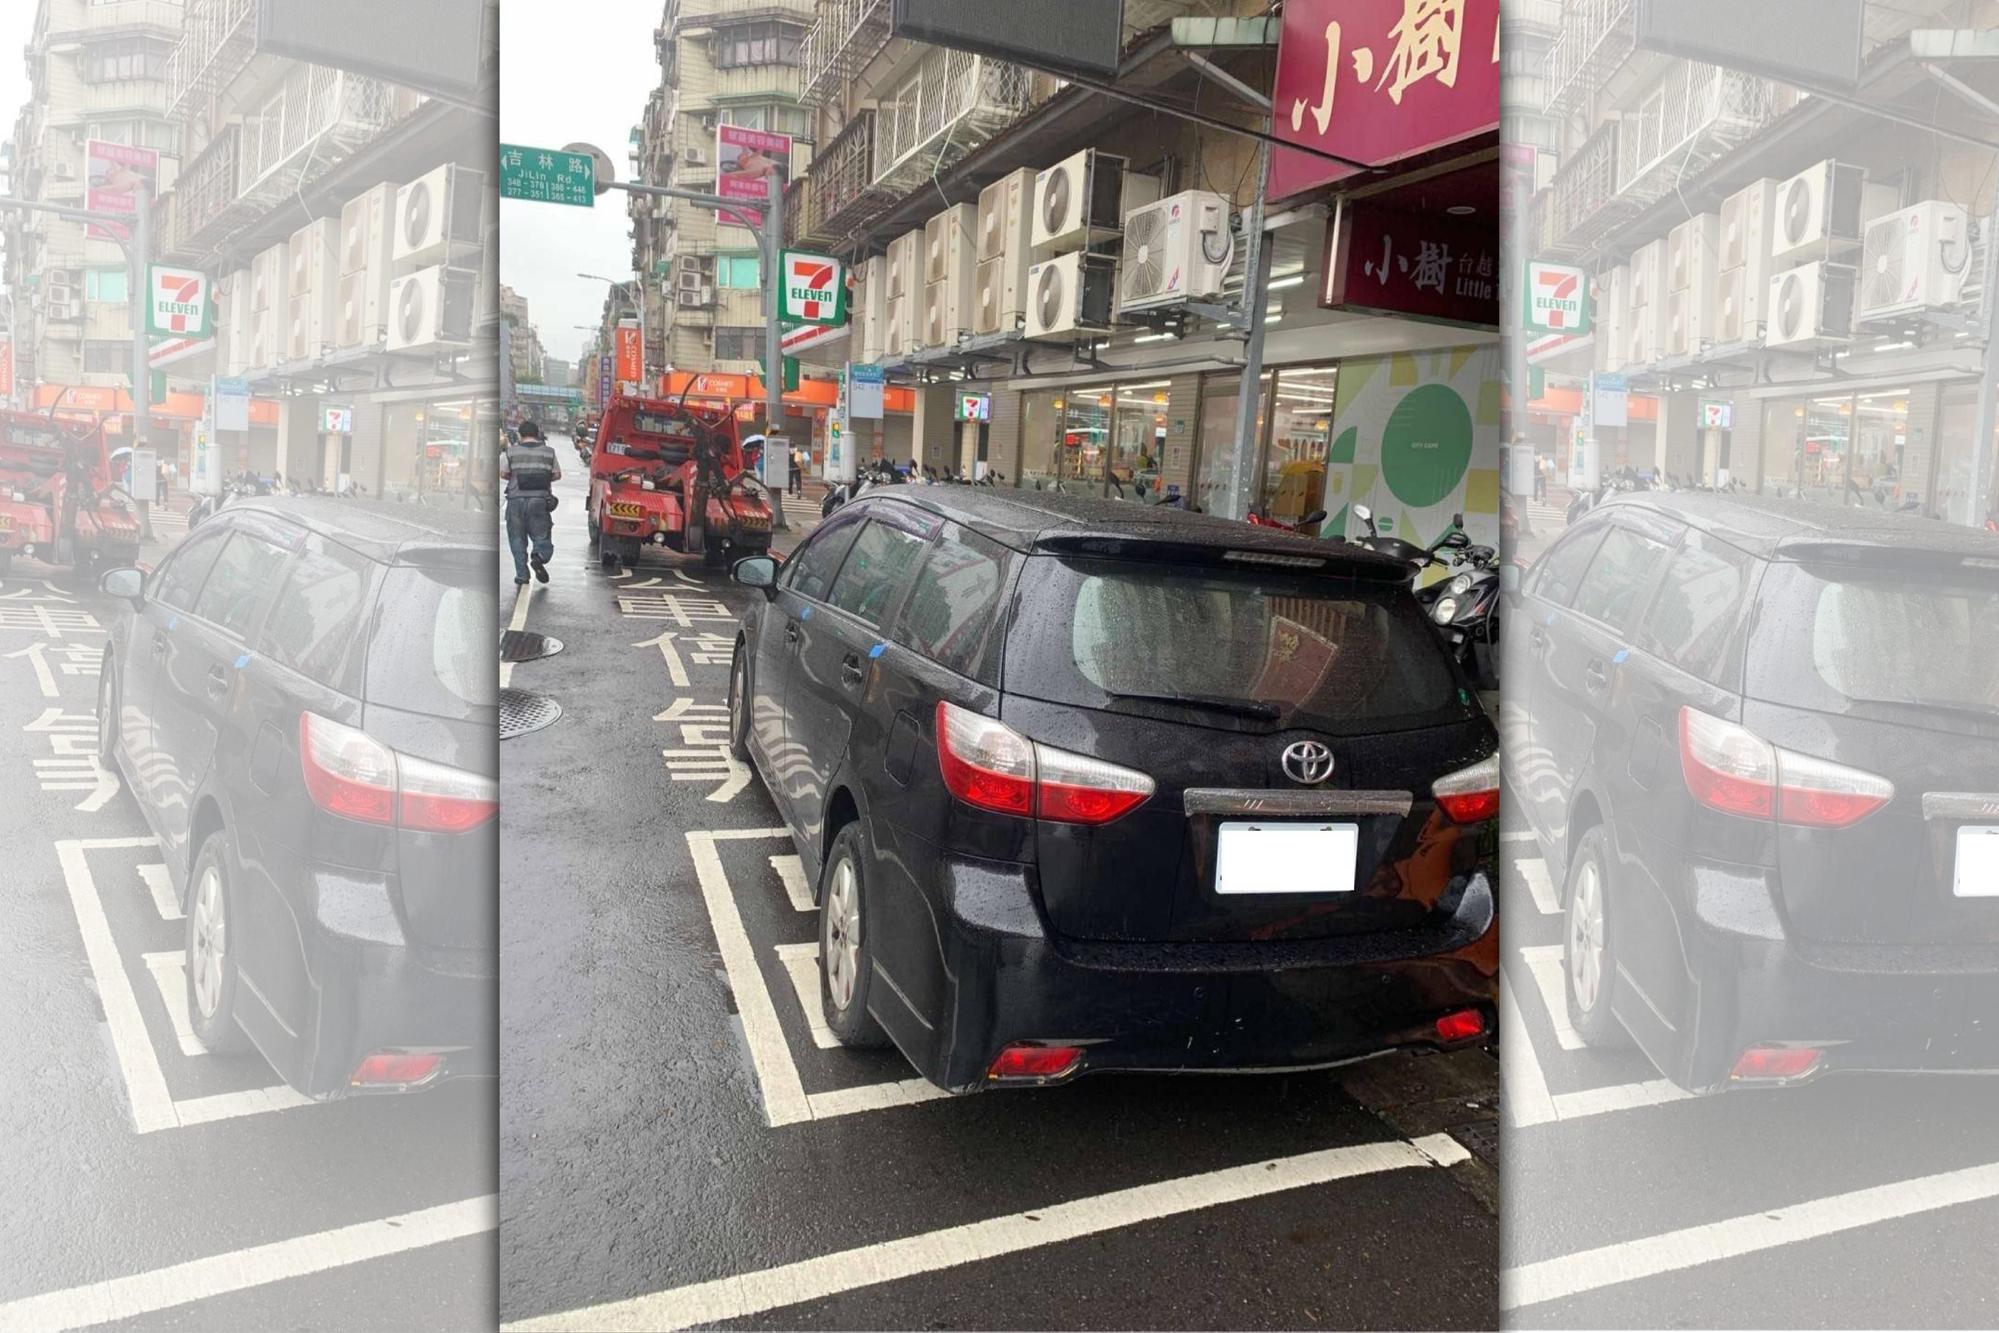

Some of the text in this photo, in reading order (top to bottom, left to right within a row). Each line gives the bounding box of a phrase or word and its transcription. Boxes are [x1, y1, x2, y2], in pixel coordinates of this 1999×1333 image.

[1291, 0, 1466, 136] 小樹
[507, 148, 583, 173] 吉林路
[1364, 234, 1453, 295] 小樹
[1455, 277, 1492, 300] Little
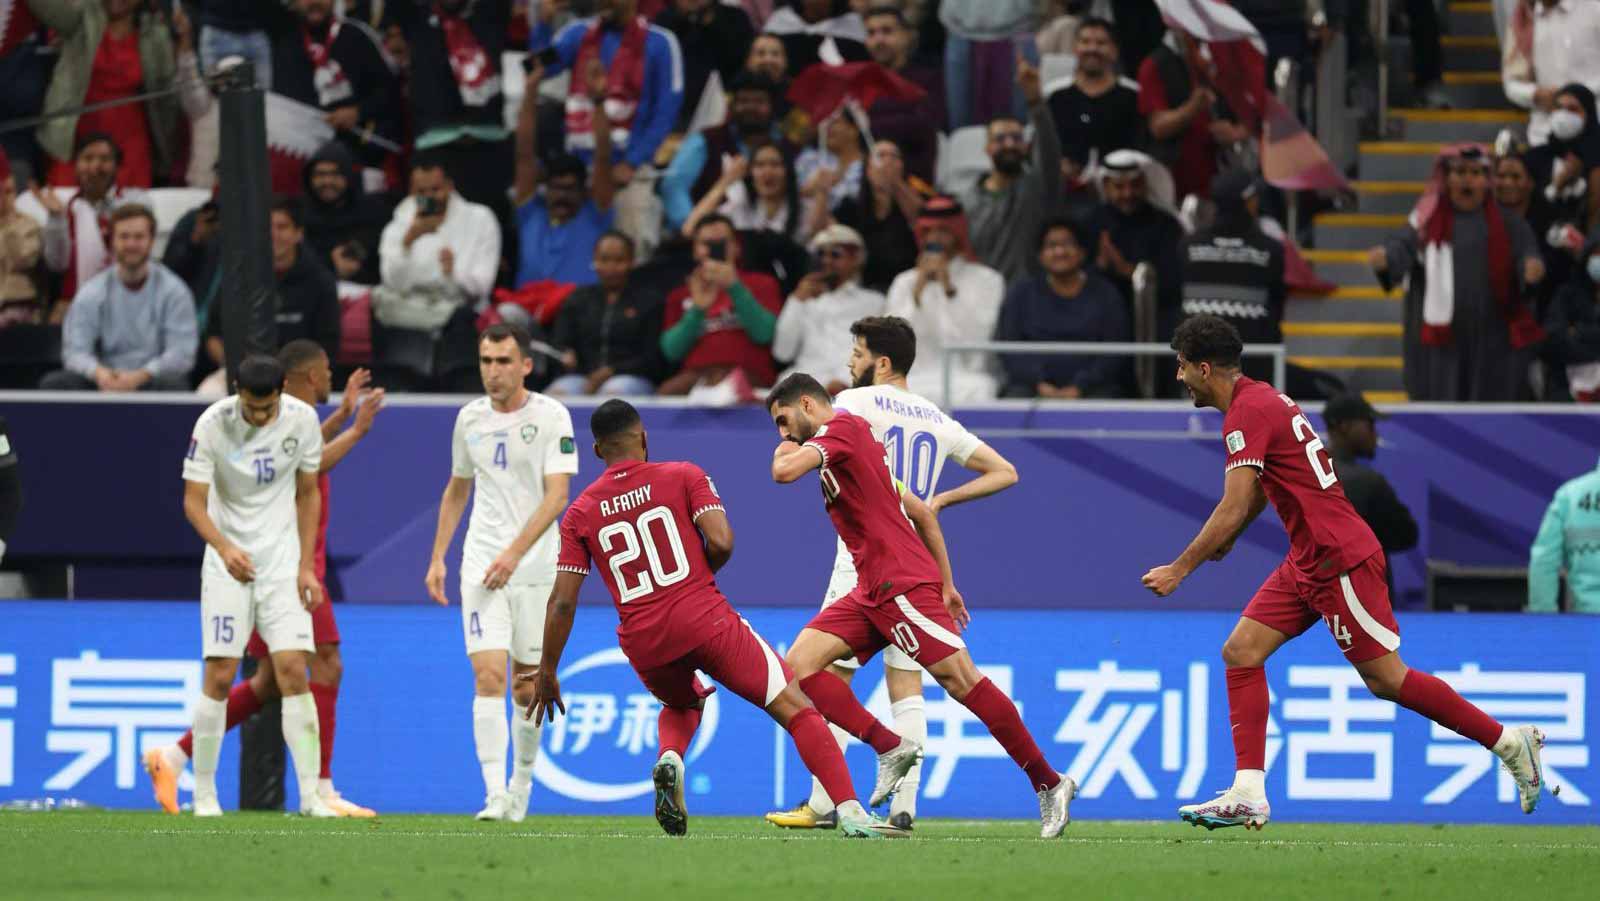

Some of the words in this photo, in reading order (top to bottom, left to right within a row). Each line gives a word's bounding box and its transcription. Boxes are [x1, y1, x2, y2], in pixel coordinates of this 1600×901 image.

----

▶ _ACTIVITY_
Would you repeat the entries exactly, keeping the images out?

▶ _SOLUTION BELOW_
Some of the text in this photo, in reading order (top to bottom, left to right within a row). Each line gives the bounding box of a phrase or word and its transcription. Boxes are [x1, y1, x2, y2], in pixel coordinates of this 1999×1333 image.

[1291, 0, 1466, 136] 小樹
[507, 148, 583, 173] 吉林路
[1364, 234, 1453, 295] 小樹
[1455, 277, 1492, 300] Little

Some of the words in this photo, in reading order (top to bottom, left to right within a row). Each line gives a word's bounding box and its transcription. Boxes are [x1, y1, x2, y2], in pixel coordinates of this 1600×901 image.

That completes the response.